We cannot wholly become God, and lose our created being, this is impossible — we are brought forth by God, out of our selfhood into the immersion of love, in which we possess blessedness and are one With God.

And again:

The creature does not become God for the union takes place in God, through grace and out homeward-turning love.

It is God’s gift then and His grace, which enables, while we for our part must turn towards God in love and desire. Indeed: “without the practice of love, we cannot be united with God, nor remain one with Him”.

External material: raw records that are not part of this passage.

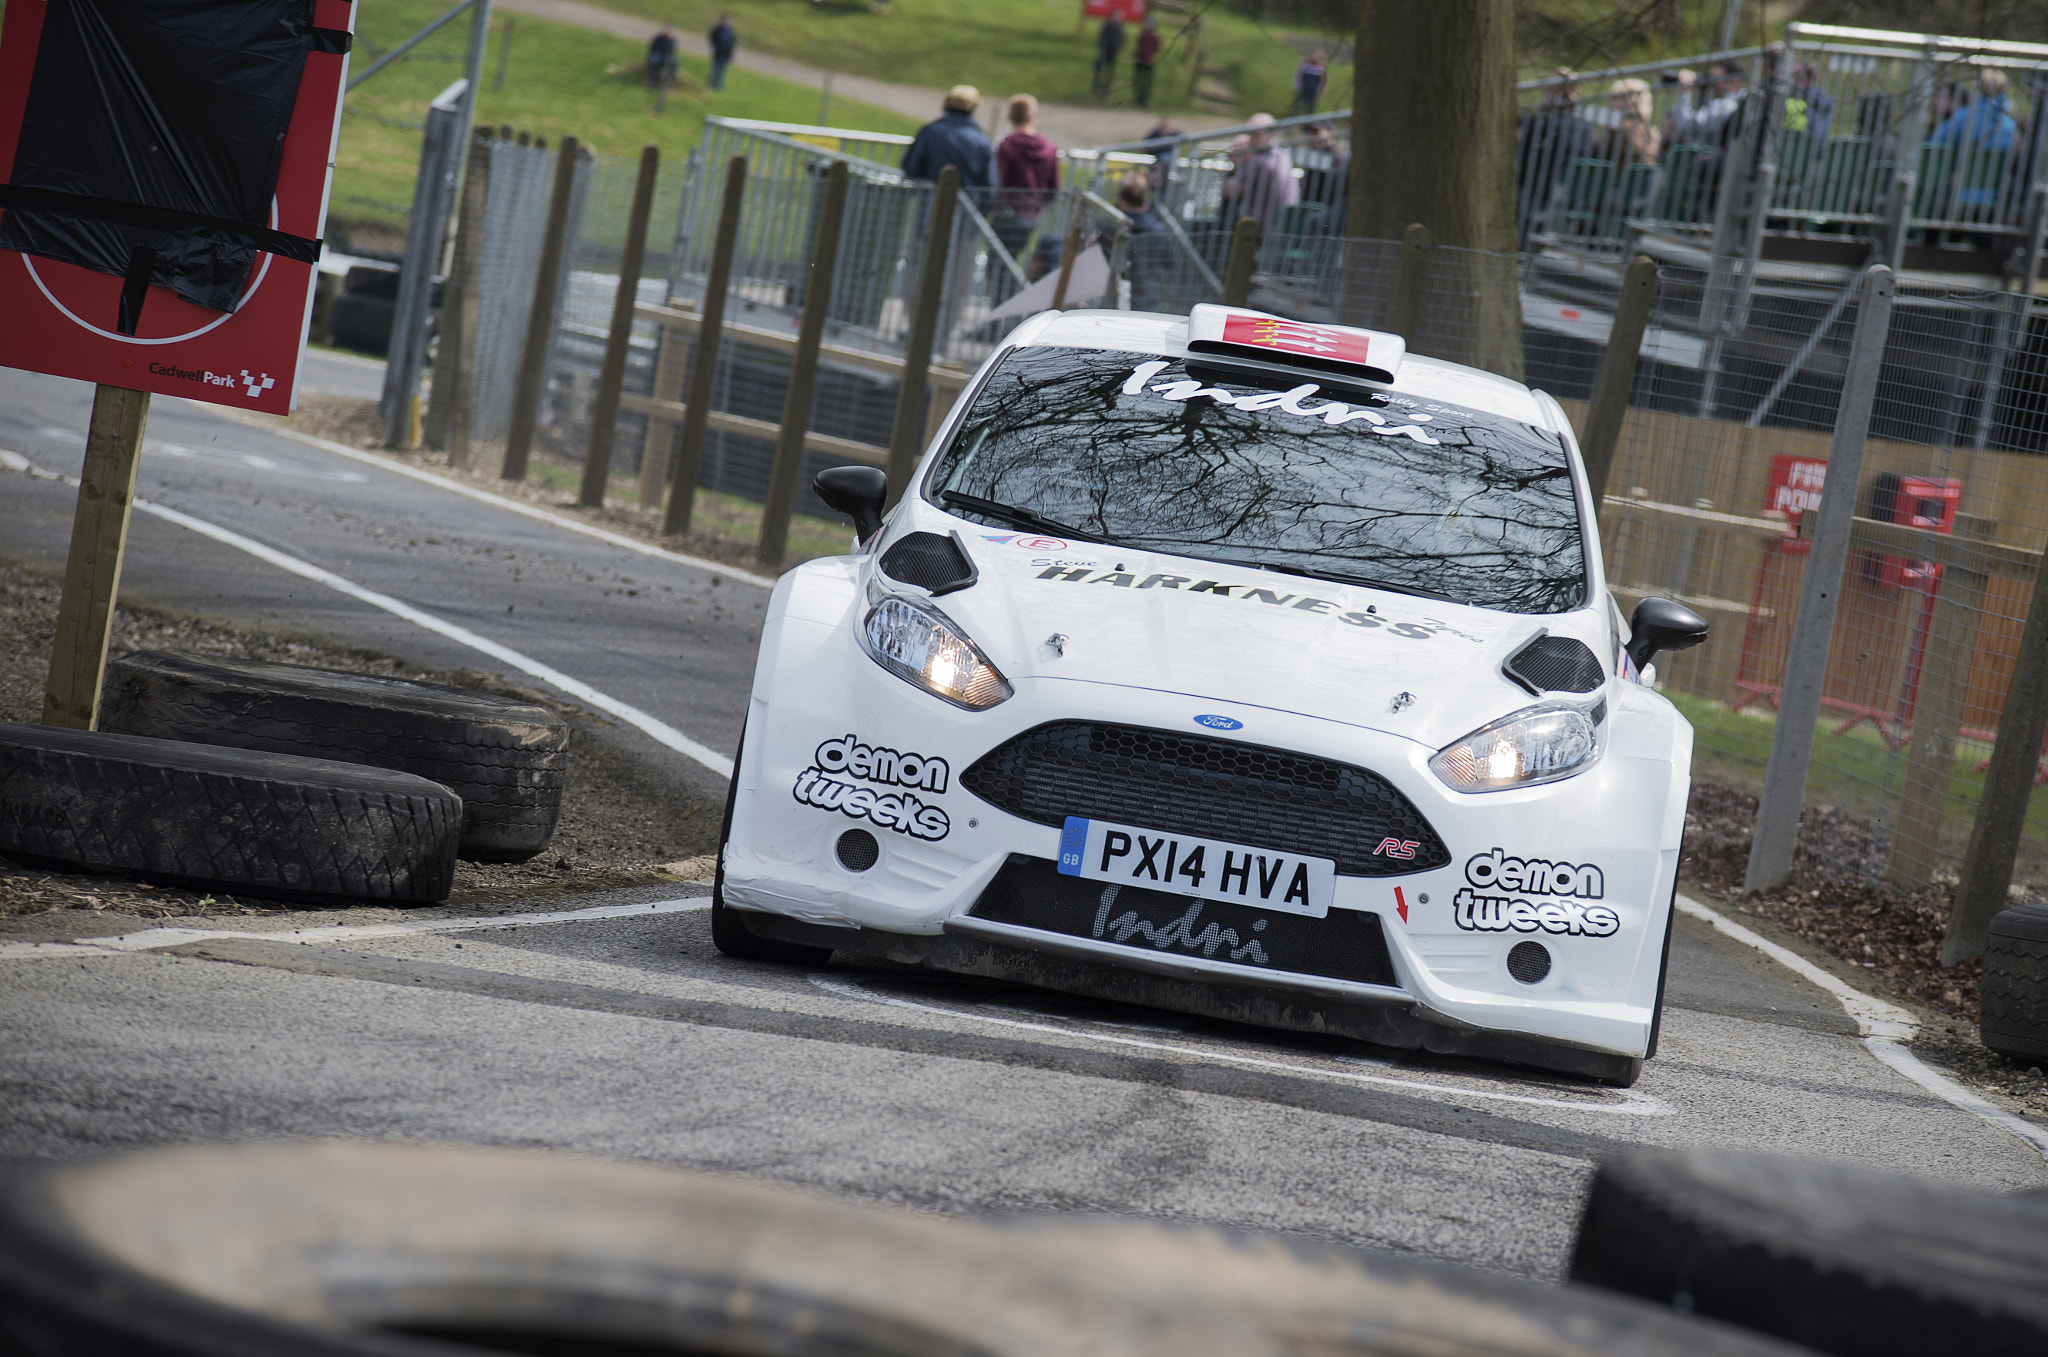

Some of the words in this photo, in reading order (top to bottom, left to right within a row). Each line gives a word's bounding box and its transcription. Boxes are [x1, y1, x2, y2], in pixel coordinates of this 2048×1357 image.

[148, 361, 236, 389] CadwellPark
[1122, 360, 1440, 446] Indri
[1370, 392, 1418, 409] Rally
[1424, 404, 1474, 419] Sport
[1030, 558, 1099, 567] Steve
[1035, 565, 1437, 640] HARKNESS
[1203, 715, 1234, 729] Ford
[815, 733, 950, 794] demon
[792, 765, 951, 842] tweeks
[1063, 852, 1080, 866] GB
[1100, 829, 1206, 888] PX14
[1219, 850, 1311, 907] HVA
[1372, 836, 1421, 860] RS
[1464, 846, 1605, 900] demon
[1092, 883, 1270, 965] Indri
[1453, 887, 1621, 938] tweeks

There will nevertheless be times when the believer is less conscious of his own feeble love than of the overwhelming presence of God. Dimly he experiences something of God’s inner nature. ‘Self’ becomes a burning desire to be one with God and “feels the ETERNAL DEMAND OF THE DIVINE UNITY”. The more the believer feels this, so much the more is he urged to pay the debt until the ‘self’ is burnt up in the “Simple Unity of God”.

The heart opens itself in joy – and all the powers of the soul are in readiness and desire to fulfil that which is demanded of them by God and by His unity. This invitation is a shining forth of Christ the Eternal Sun.

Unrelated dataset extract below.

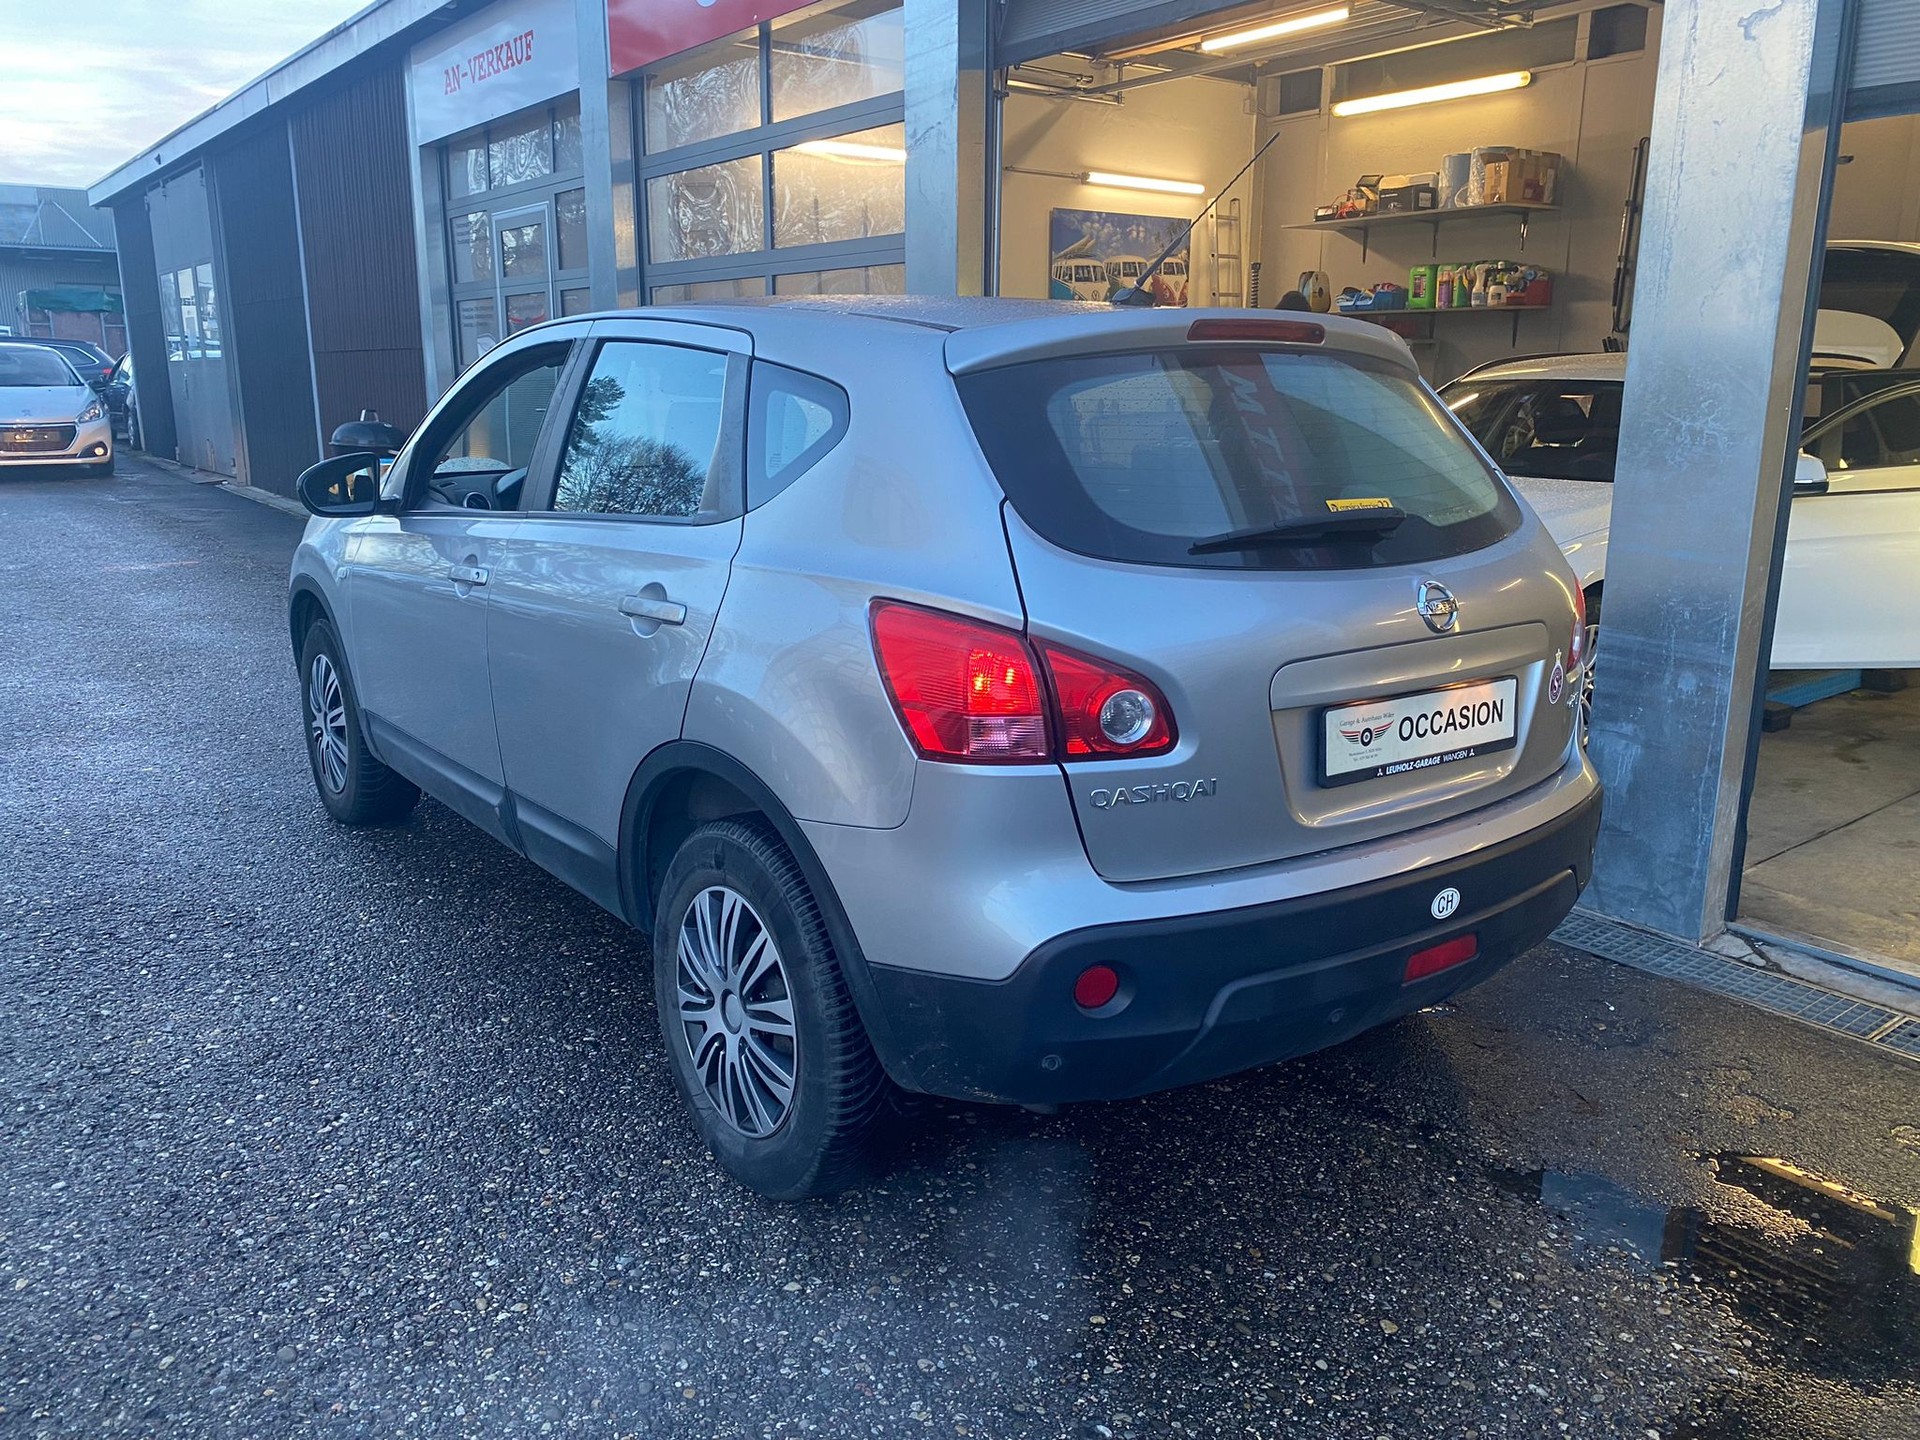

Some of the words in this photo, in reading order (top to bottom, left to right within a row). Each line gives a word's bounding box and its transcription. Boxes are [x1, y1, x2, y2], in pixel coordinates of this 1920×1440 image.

God’s love is experienced as drawing us on into the Unity, where, all the same, ‘we are made aware of God as Trinity:

The Father and the Son, through the Holy Ghost, embrace each other – and draw themselves back with eternal love into the unity of their nature.

And, somehow, most wonderfully, all creation and we are enfolded by this same Love, “THE ETERNAL INDRAWING SUMMONS OF THE DIVINE UNITY”, which “lovingly draws inward, in eternal fruition the Father and the Son and all that lives in them”. “The Unity is ever drawing to Itself and inviting to Itself everything that has been born of It, either by nature or by grace”. “The most high Nature of the Godhead is Simplicity and Onefoldness – the Rest of all saints in the Unity, and a Common Fruition of Himself and all saints in Eternity”.

This then is ultimately the unity we are all seeking: “that most high Unity where, in the bond of the Holy Ghost, the Father and the Son are united with all saints. Thus, with Ruysbroeck, we make our prayer to God, in humble trust and confidence, so that in His good time all creation and we may be restored to oneness in Him:

May we possess in fruition the essential Unity, and clearly behold unity in the Trinity; this may Divine Love, which turns no beggar away, bestow upon us. Amen.